SpaceX 2030E vs Today's Mega-Caps
Company Market Cap ($bn) Net Income ($bn) Operating Cash Flow ($bn)
Alphabet (YE Feb 2026)4,450132165
NVIDIA (YE Jan 2026)4,9607364
Apple (YE Sep 2025)4,510112111
Microsoft (YE Jun 2025)3,100102136
Saudi Aramco (YE Dec 2025)1,73093136
Amazon (YE Dec 2025)2,65078140
SpaceX (FY30E)1,750~11~37

On that basis the projections do not look absurd — several companies already generate far higher net income and operating cash flow than the model gives SpaceX in 2030. The comparison cuts both ways, though. In absolute terms the 2030 earnings estimate is not wildly implausible. But these companies already earn many times what SpaceX is projected to make in 2030 — a reminder of how much growth would still be required, well beyond 2030, to justify the price being paid today.

The Real Swing Factor: AI

The biggest swing factor is the AI segment. In my 2030 model, Connectivity assumes 41 million subscribers paying an average of $37.60 a month, plus $13.4 billion of enterprise and government broadband revenue. It is not hard to argue that AI services could eventually reach a similar scale, if enough users and enterprises pay for productivity tools or AI infrastructure.

That is possible, but it is also the least certain part of the model. Unlike Starlink — where there is a clear chain from satellites to subscribers to ARPU — AI revenue depends on product adoption, competitive positioning, infrastructure economics, pricing power, and the evolving relationship between SpaceX, X and xAI. This is where the model needs the most careful scenario analysis.

The Vision Premium

Then there is Mars. SpaceX is not valued like a conventional transport or telecom company because its ambition is not conventional: to lower the cost of reaching space, build a global connectivity network, and ultimately make space travel routine.

The difficulty for a modeller is that this vision is both real and hard to quantify. If it materialises, today's projections may prove conservative. If it takes longer than hoped, the model may overstate how quickly ambition turns into cash flow.

What This Exercise Taught Me About AI Modelling

The clearest lesson is that AI can create a sophisticated first draft, but it cannot replace judgement. Claude was genuinely useful — it provided structure, segmental logic and a working set of assumptions. But the real modelling work began after the output appeared: deciding whether the segments are correctly defined, whether the drivers are commercially sensible, whether the capex is realistic, and whether the valuation is supported by the economics.

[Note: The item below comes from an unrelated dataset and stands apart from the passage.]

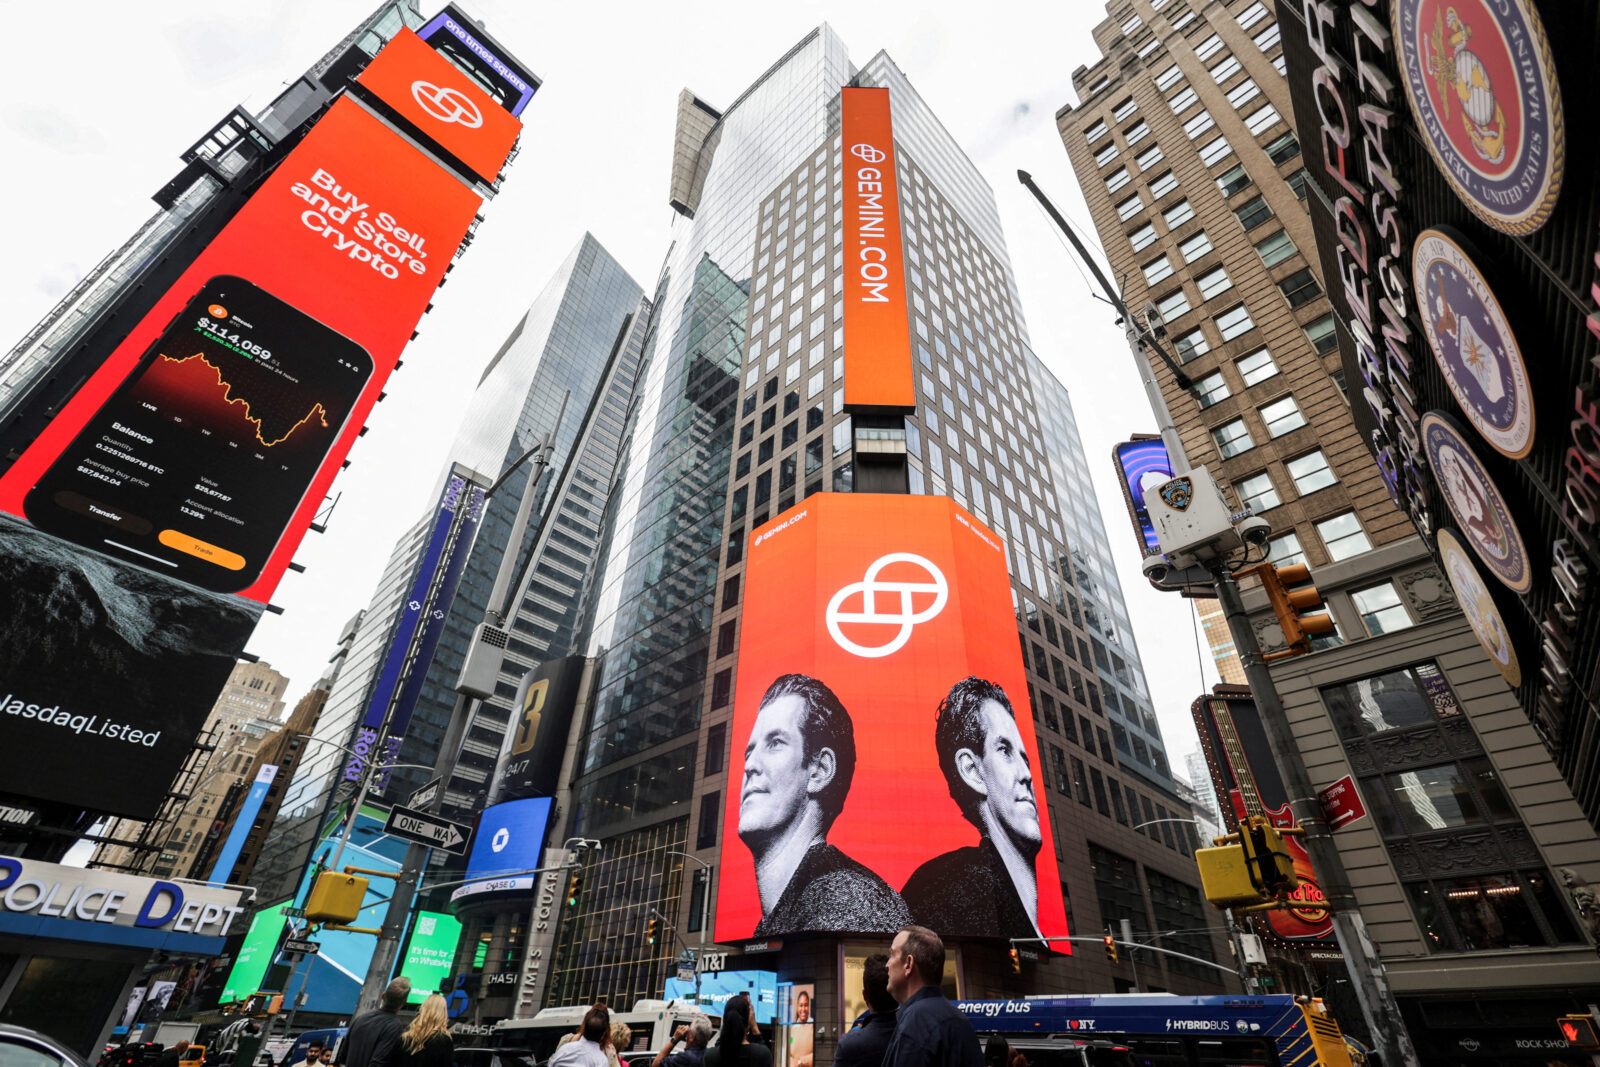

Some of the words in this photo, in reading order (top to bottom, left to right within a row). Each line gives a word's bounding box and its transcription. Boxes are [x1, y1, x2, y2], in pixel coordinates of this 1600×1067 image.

AI accelerates the mechanics. It does not remove the need for scepticism.

Conclusion

SpaceX is exactly the kind of company that makes modelling both exciting and dangerous. The story is extraordinary, the addressable markets are huge, and the pace of execution has already surprised many. But a powerful story can also make a model too easy to believe.

My revised model is more conservative than Claude's, especially on revenue growth and capex, and even so the business scales meaningfully by 2030. The question was never whether SpaceX can become much larger. It is whether the current price already assumes too much of that future.

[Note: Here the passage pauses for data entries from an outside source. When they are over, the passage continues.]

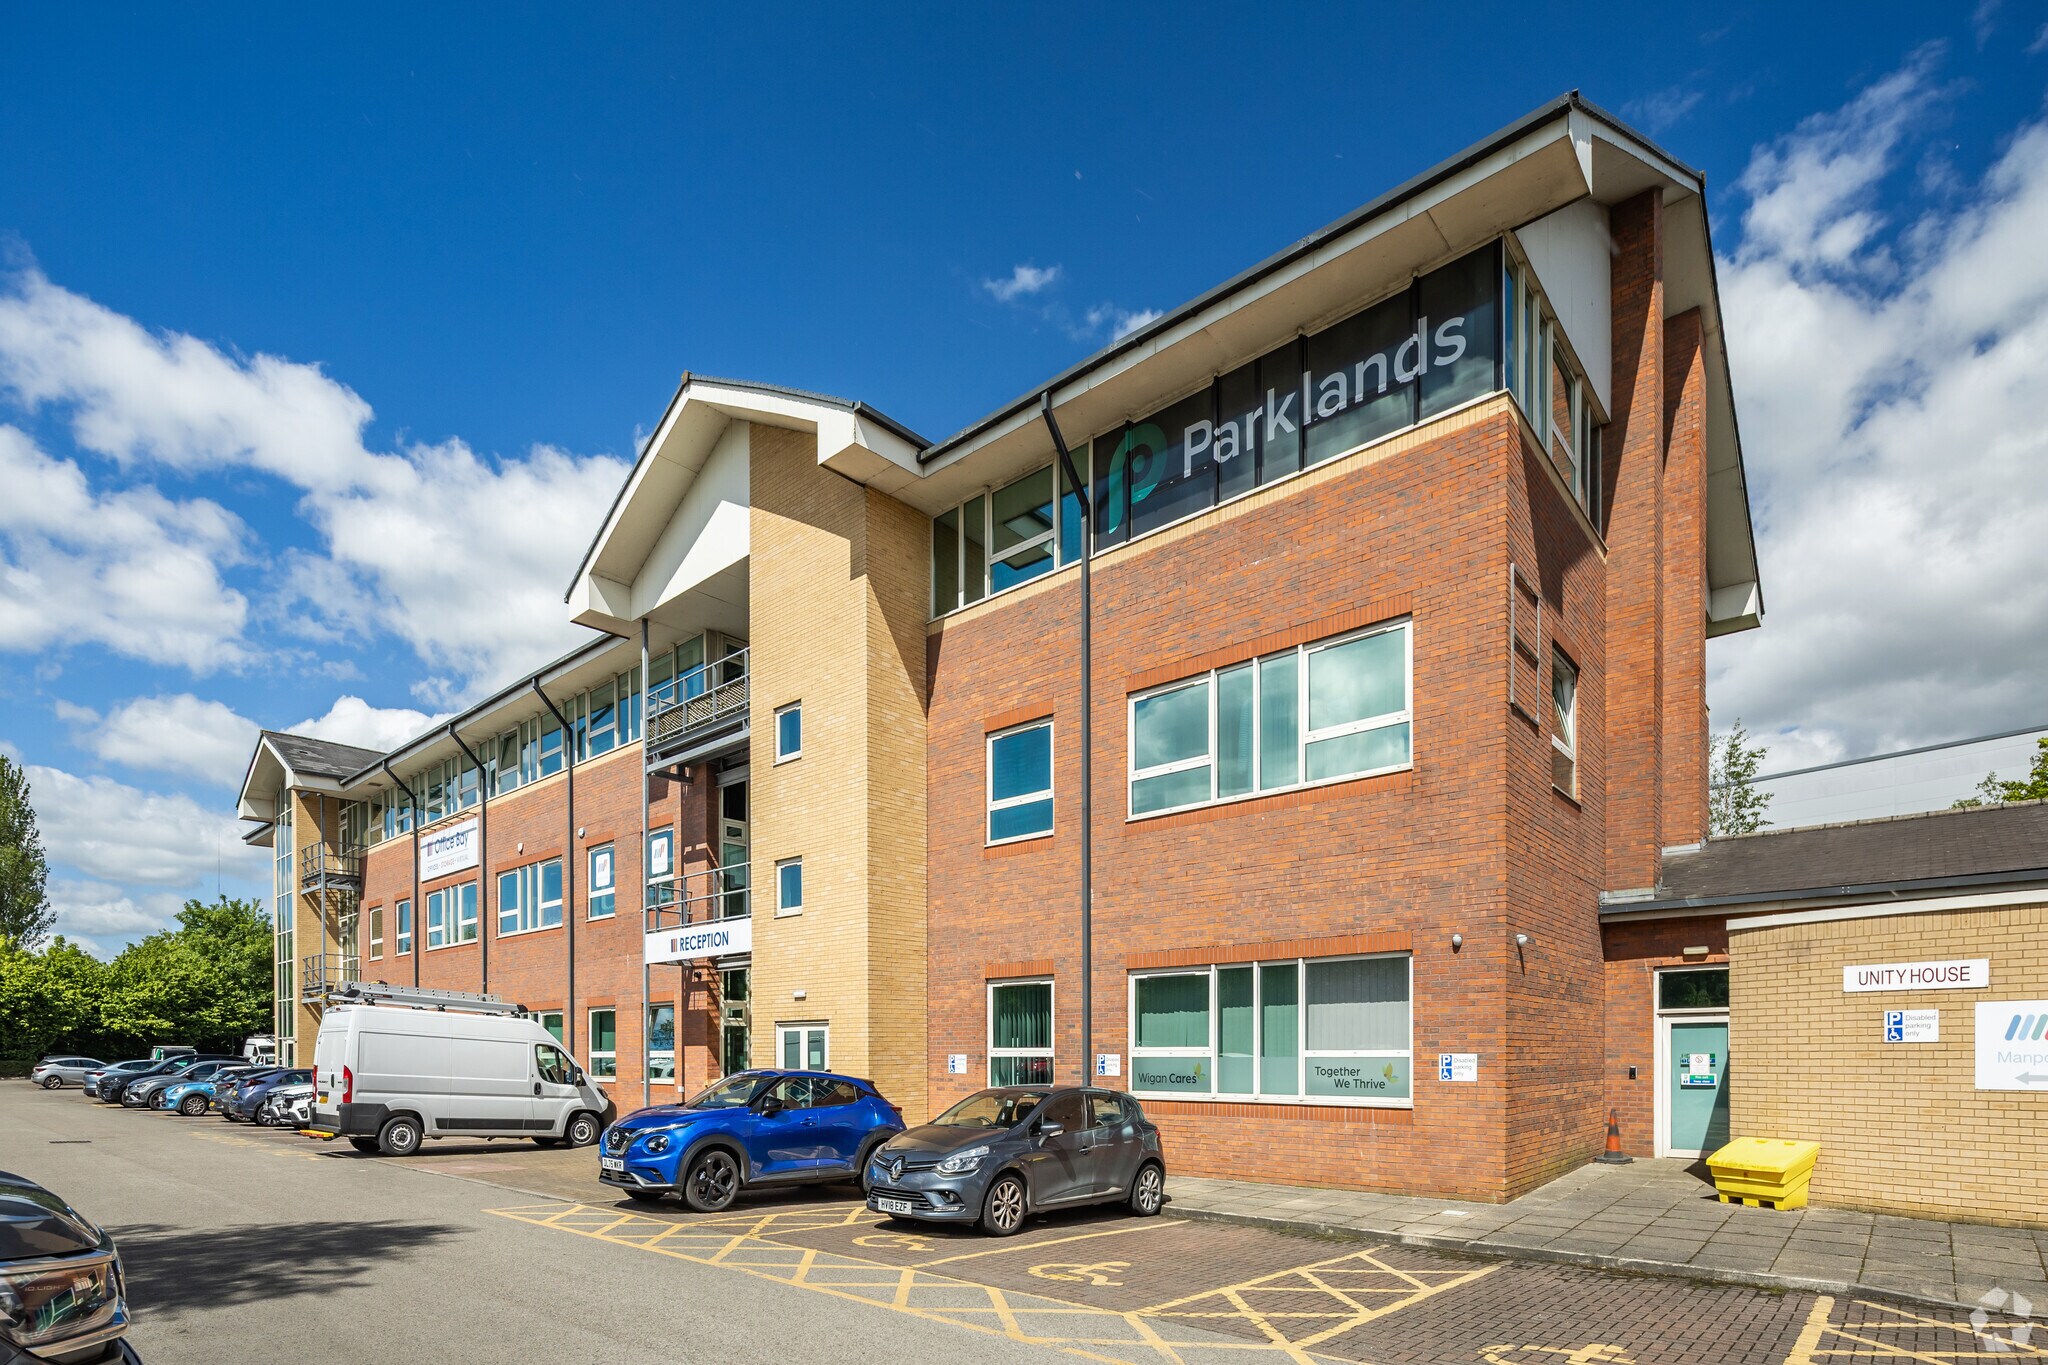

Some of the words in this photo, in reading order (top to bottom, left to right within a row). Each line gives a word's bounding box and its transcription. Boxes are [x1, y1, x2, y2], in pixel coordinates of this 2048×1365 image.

[1183, 316, 1467, 479] Parklands
[434, 836, 454, 853] Office
[680, 931, 729, 951] RECEPTION
[1858, 969, 1907, 986] UNITY
[1910, 966, 1971, 983] HOUSE
[1138, 1073, 1167, 1085] Wigan
[1169, 1073, 1197, 1084] Cares
[1315, 1066, 1360, 1078] Together
[1334, 1079, 1350, 1088] We
[1353, 1079, 1385, 1089] Thrive
[881, 1200, 894, 1210] HV18
[895, 1202, 907, 1211] EZF

Strip out the optionality and the core business — broadband and launch — does not come close to justifying roughly $1.75 trillion on any assumptions. Working back from that price, you have to believe one of two things: that the AI segment becomes a second Connectivity, earning at something like Starlink's scale within a few years, or that the space travel vision is real enough to carry a valuation no current cash flow can support.

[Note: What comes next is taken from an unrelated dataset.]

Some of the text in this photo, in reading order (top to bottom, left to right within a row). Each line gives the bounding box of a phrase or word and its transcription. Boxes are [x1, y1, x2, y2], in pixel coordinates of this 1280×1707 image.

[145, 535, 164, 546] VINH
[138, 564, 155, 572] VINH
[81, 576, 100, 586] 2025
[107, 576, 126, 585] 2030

Neither is impossible; neither is something a model can prove today. And that is the honest end of the exercise — at this price you are not buying the business in the model, you are buying everything the model cannot yet capture. Whether that is a bet worth making is no longer a modelling question. It is a question of conviction.

That, ultimately, is the value of the modeller's lens: it does not kill the story, it tests how much of the story is already in the price.